■ **Assigned task**
Exact copies of all the lines below are needed, without the pictures.

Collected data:

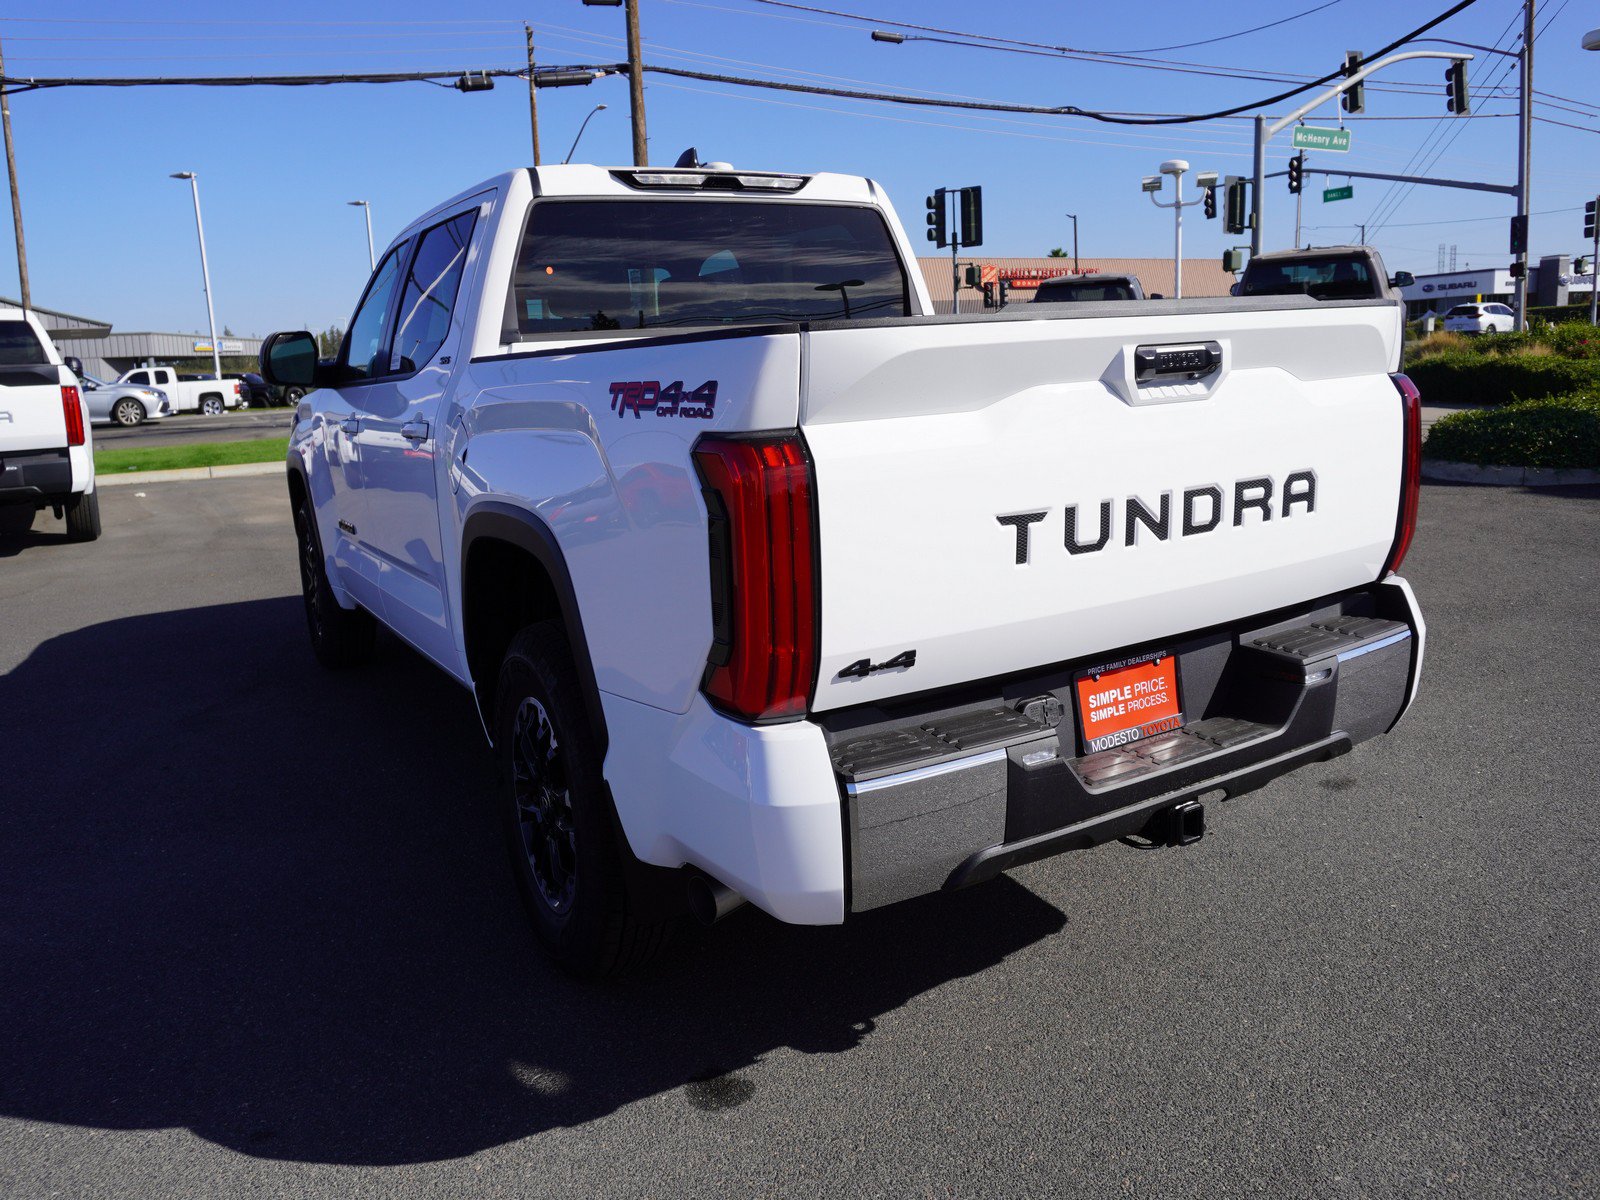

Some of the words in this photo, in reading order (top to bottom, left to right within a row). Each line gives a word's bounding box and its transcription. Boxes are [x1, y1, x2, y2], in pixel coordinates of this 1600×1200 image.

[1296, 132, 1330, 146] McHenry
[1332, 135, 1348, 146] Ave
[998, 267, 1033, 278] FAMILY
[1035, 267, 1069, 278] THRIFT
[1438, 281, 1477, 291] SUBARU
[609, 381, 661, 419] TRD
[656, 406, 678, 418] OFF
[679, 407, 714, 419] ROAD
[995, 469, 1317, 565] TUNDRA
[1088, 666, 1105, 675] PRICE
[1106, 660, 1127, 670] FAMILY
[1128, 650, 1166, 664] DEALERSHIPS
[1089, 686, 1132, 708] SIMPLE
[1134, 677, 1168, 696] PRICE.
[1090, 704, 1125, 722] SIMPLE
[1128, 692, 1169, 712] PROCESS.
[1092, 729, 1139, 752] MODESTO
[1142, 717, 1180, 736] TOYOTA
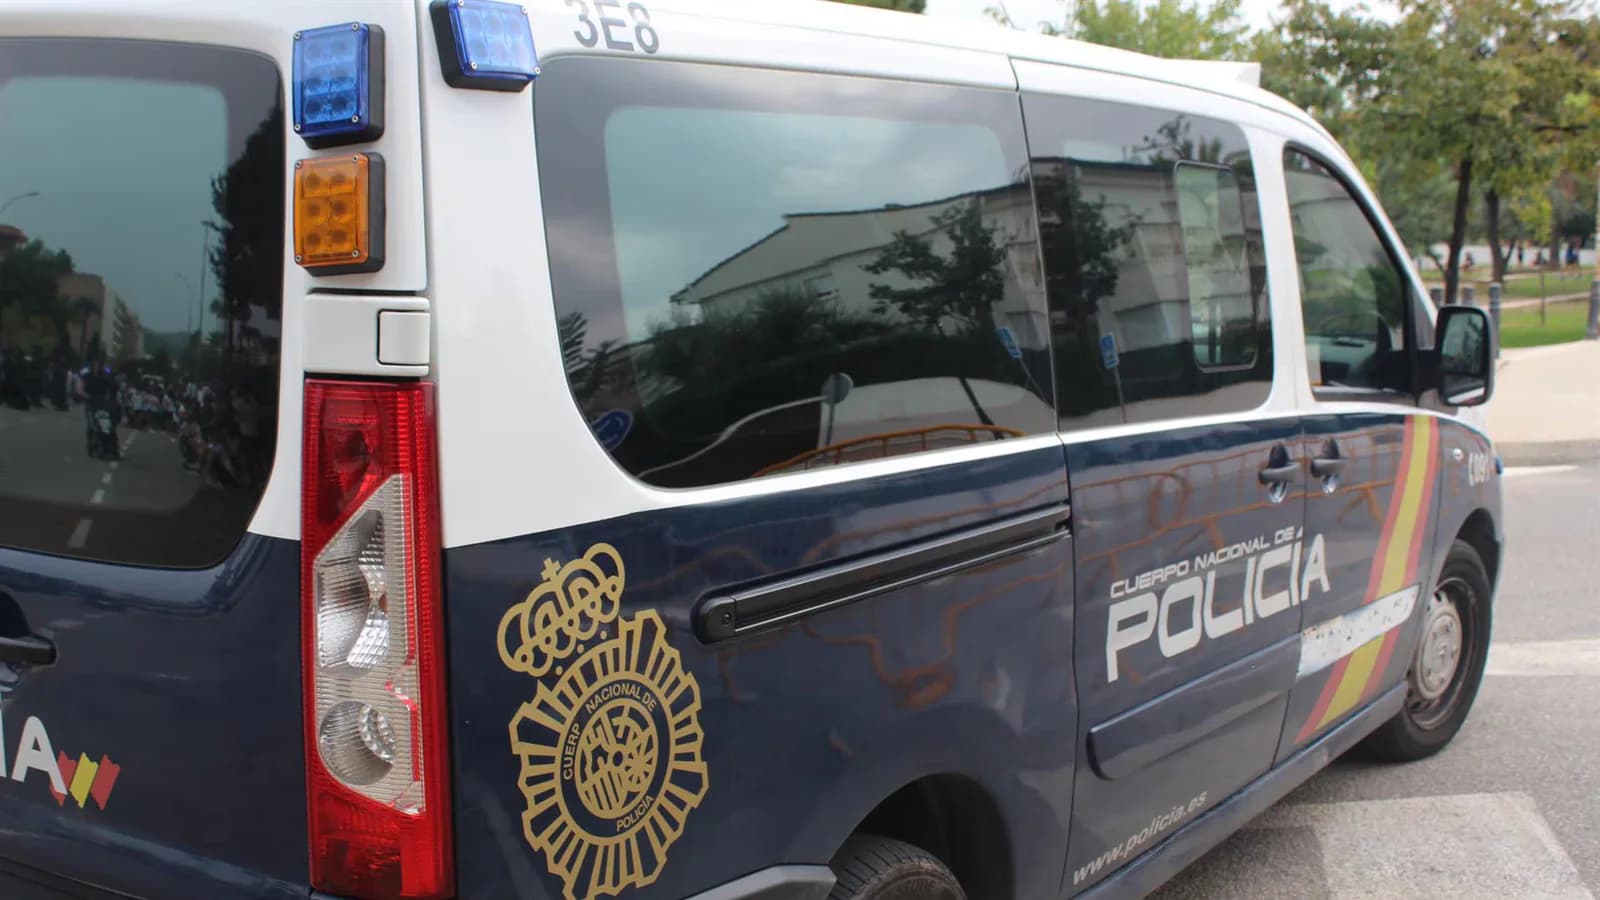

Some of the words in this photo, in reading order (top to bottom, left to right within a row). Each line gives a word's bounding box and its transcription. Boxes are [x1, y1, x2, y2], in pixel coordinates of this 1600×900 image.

■ **Your response**
Some of the words in this photo, in reading order (top to bottom, left to right within a row). Each line gives a word's bounding box and its transcription. Boxes are [x1, y1, x2, y2], in pixel coordinates of this 1600×1200 image.

[1296, 132, 1330, 146] McHenry
[1332, 135, 1348, 146] Ave
[998, 267, 1033, 278] FAMILY
[1035, 267, 1069, 278] THRIFT
[1438, 281, 1477, 291] SUBARU
[609, 381, 661, 419] TRD
[656, 406, 678, 418] OFF
[679, 407, 714, 419] ROAD
[995, 469, 1317, 565] TUNDRA
[1088, 666, 1105, 675] PRICE
[1106, 660, 1127, 670] FAMILY
[1128, 650, 1166, 664] DEALERSHIPS
[1089, 686, 1132, 708] SIMPLE
[1134, 677, 1168, 696] PRICE.
[1090, 704, 1125, 722] SIMPLE
[1128, 692, 1169, 712] PROCESS.
[1092, 729, 1139, 752] MODESTO
[1142, 717, 1180, 736] TOYOTA

Some of the words in this photo, in reading order (top to bottom, left to right within a row). Each line gives a word's bounding box and its transcription. Boxes are [x1, y1, x2, y2], in pixel coordinates of this 1600×900 image.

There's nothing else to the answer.